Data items
┄┄┄┄┄┄┄┄┄┄┄┄┄┄┄┄┄┄┄┄

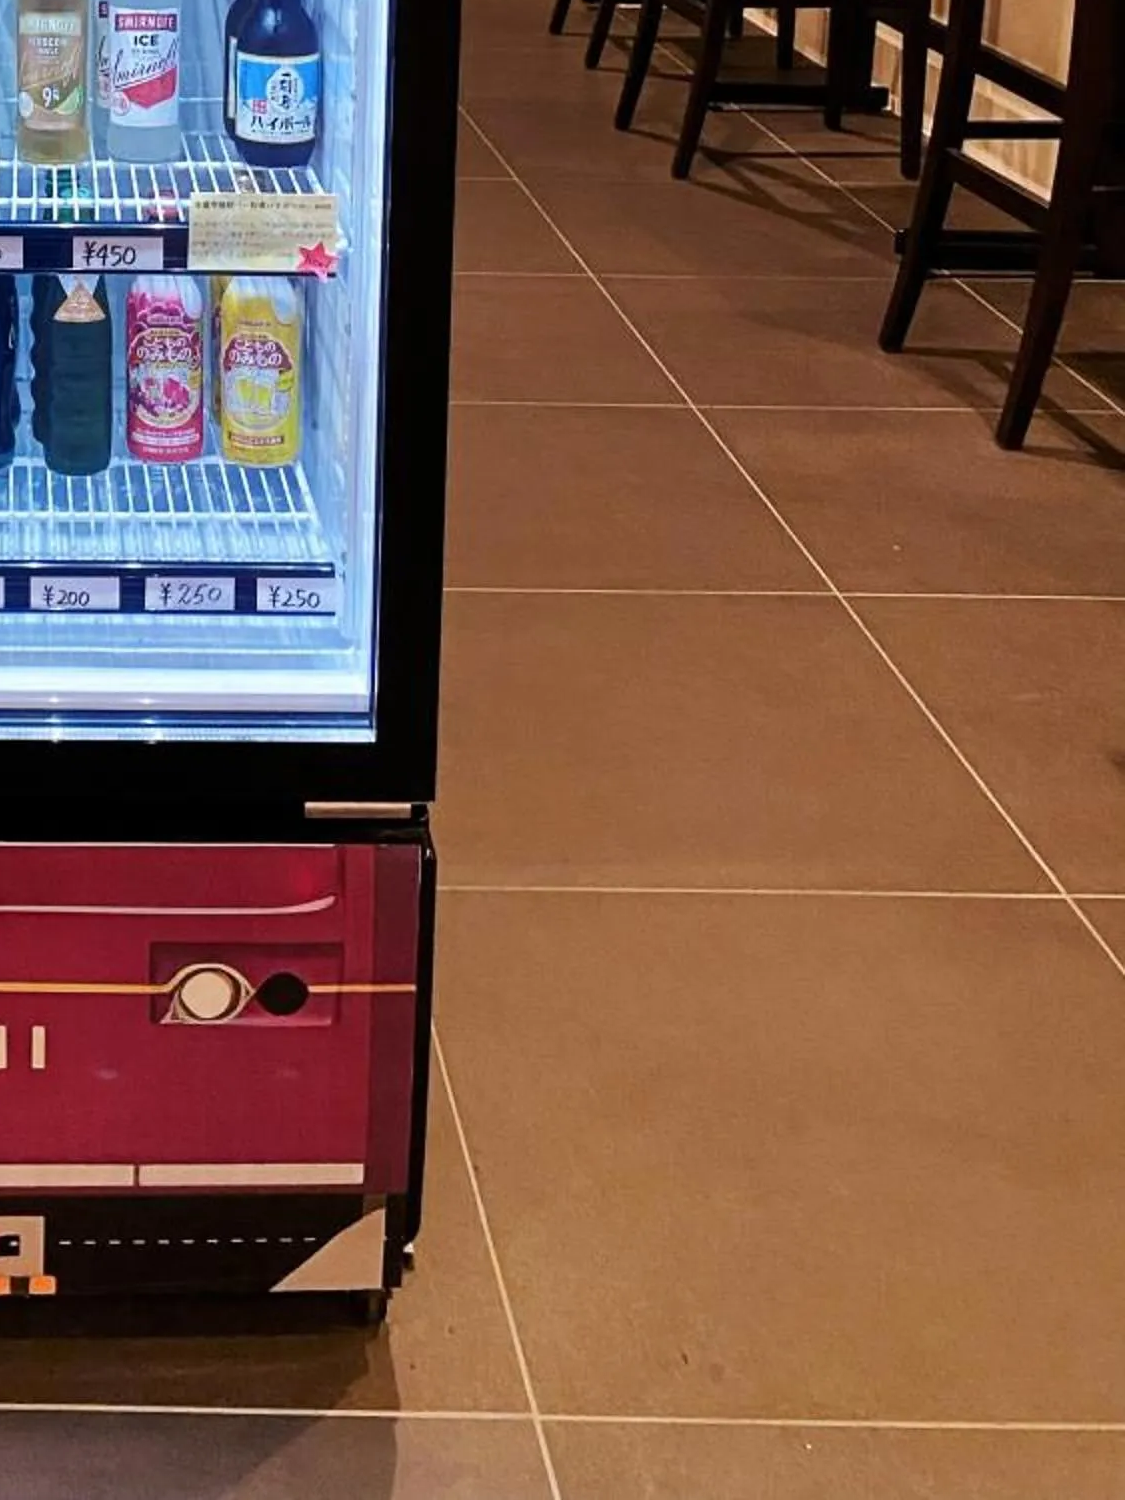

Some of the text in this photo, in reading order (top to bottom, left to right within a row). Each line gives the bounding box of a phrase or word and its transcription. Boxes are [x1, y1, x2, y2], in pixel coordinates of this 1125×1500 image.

[134, 35, 158, 47] ICE
[251, 115, 311, 131] ハイボール
[83, 241, 136, 266] ¥450
[42, 585, 90, 608] ¥200
[160, 583, 222, 605] ¥250
[269, 586, 321, 609] ¥250
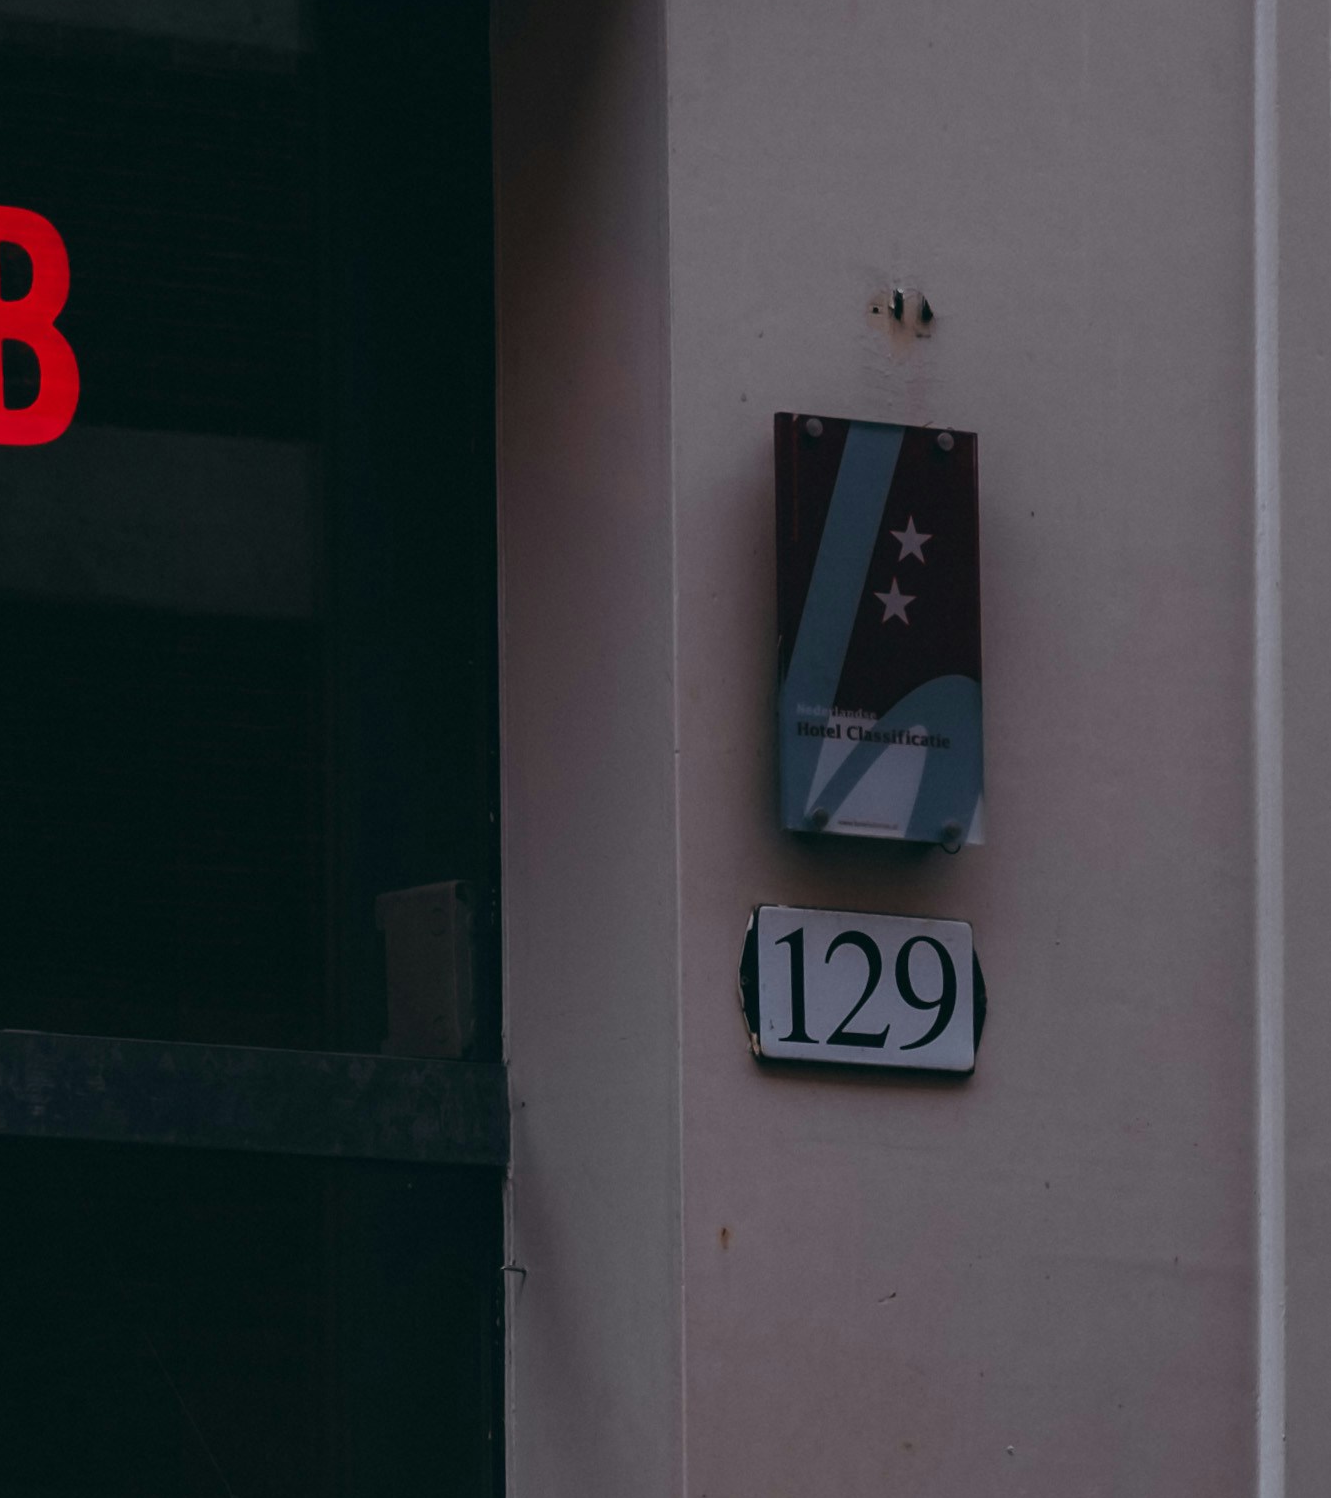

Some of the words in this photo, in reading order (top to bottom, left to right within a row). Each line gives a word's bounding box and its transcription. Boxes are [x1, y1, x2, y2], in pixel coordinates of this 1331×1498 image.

[797, 721, 841, 739] Hotel
[847, 726, 951, 749] Classificatie
[774, 926, 958, 1051] 129

┄┄┄┄┄┄┄┄┄┄┄┄┄┄┄┄┄┄┄┄

## PROBLEM REQUIREMENTS
Restate exactly the lines running from the line with "Some of the words" to the end of the entries above, both ends included.

## RESPONSE BOX
Some of the words in this photo, in reading order (top to bottom, left to right within a row). Each line gives a word's bounding box and its transcription. Boxes are [x1, y1, x2, y2], in pixel coordinates of this 1331×1498 image.

[797, 721, 841, 739] Hotel
[847, 726, 951, 749] Classificatie
[774, 926, 958, 1051] 129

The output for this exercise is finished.